=== Exercise ===
Please give all of the data again, character for character, and drop the pictures.

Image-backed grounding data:
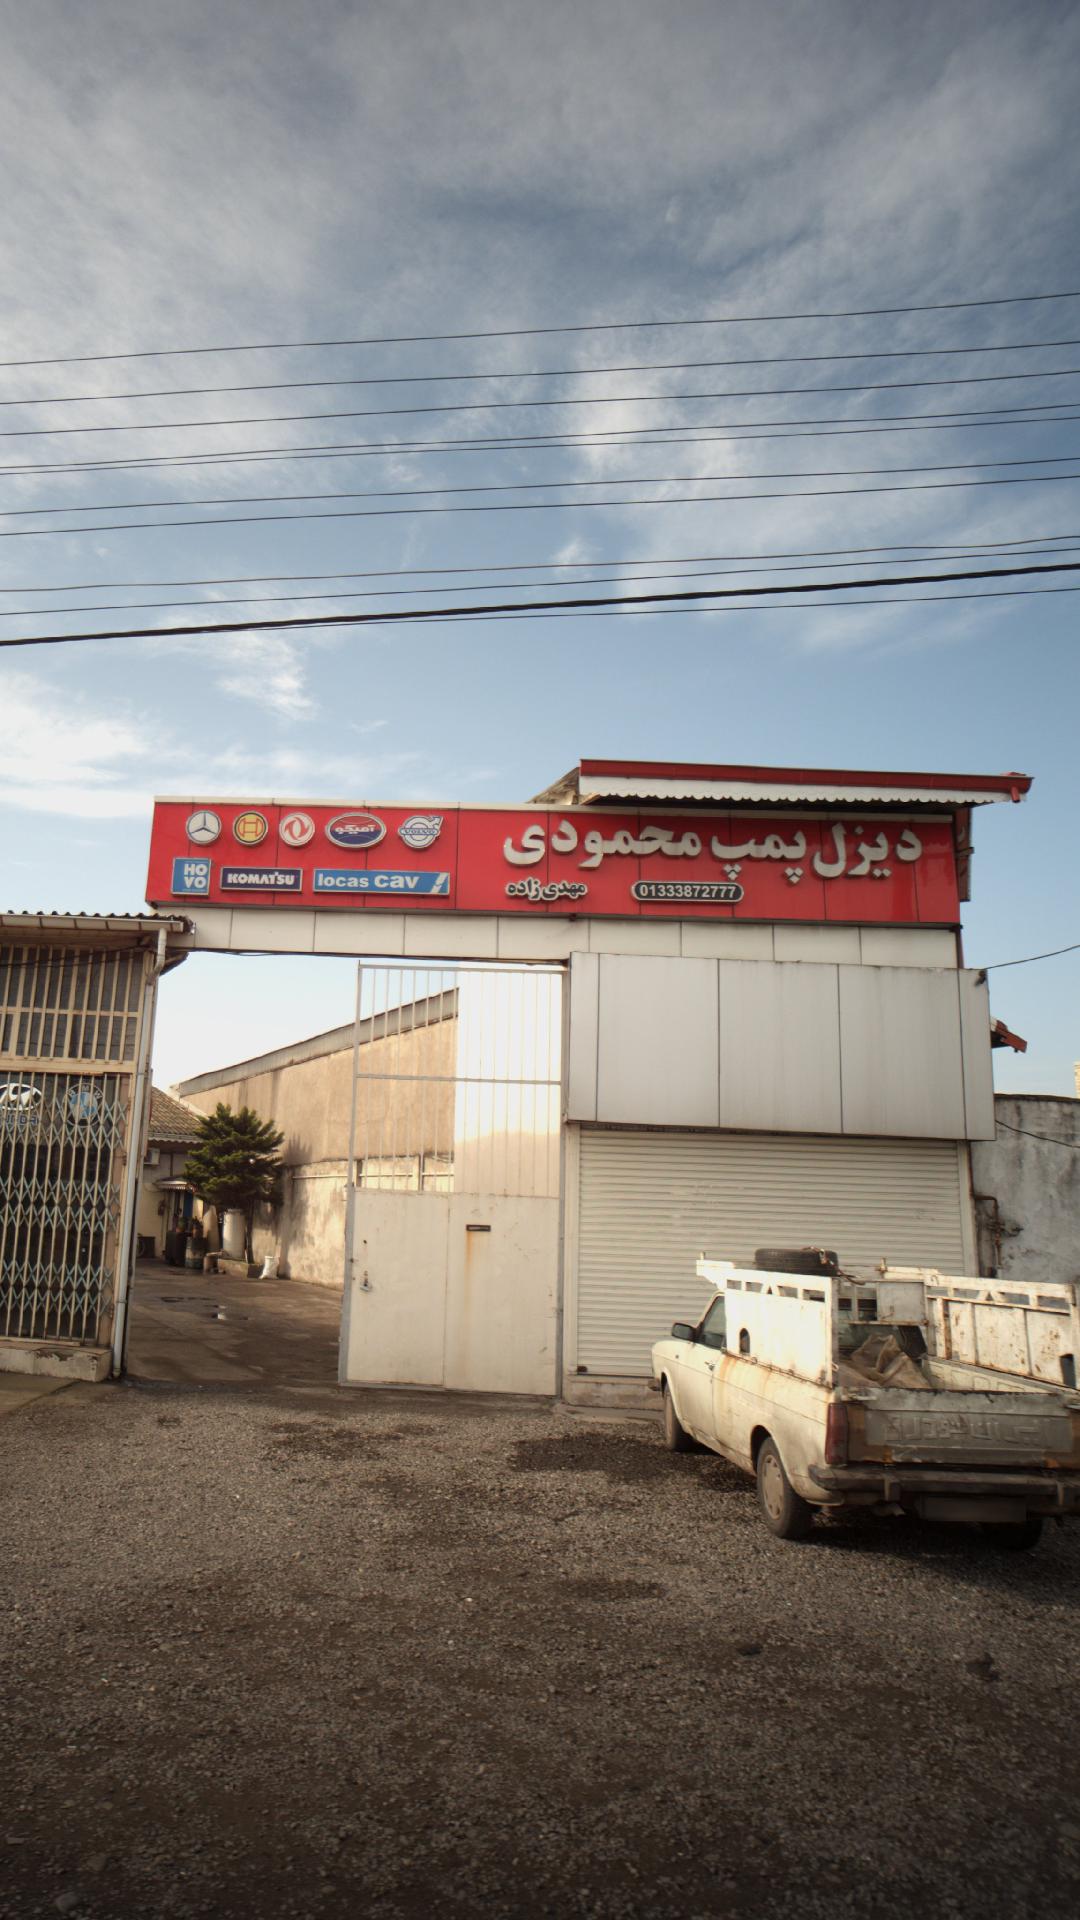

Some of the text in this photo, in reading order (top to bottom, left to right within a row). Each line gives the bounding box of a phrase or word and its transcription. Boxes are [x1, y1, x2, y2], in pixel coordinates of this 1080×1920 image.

[503, 819, 702, 869] محمودی
[711, 831, 807, 884] پمپ
[813, 822, 923, 878] دیزل
[227, 871, 295, 886] KOMATSU
[317, 873, 420, 889] locas cav
[639, 884, 737, 899] 01333872777

=== Answer for the task ===
Some of the text in this photo, in reading order (top to bottom, left to right within a row). Each line gives the bounding box of a phrase or word and its transcription. Boxes are [x1, y1, x2, y2], in pixel coordinates of this 1080×1920 image.

[503, 819, 702, 869] محمودی
[711, 831, 807, 884] پمپ
[813, 822, 923, 878] دیزل
[227, 871, 295, 886] KOMATSU
[317, 873, 420, 889] locas cav
[639, 884, 737, 899] 01333872777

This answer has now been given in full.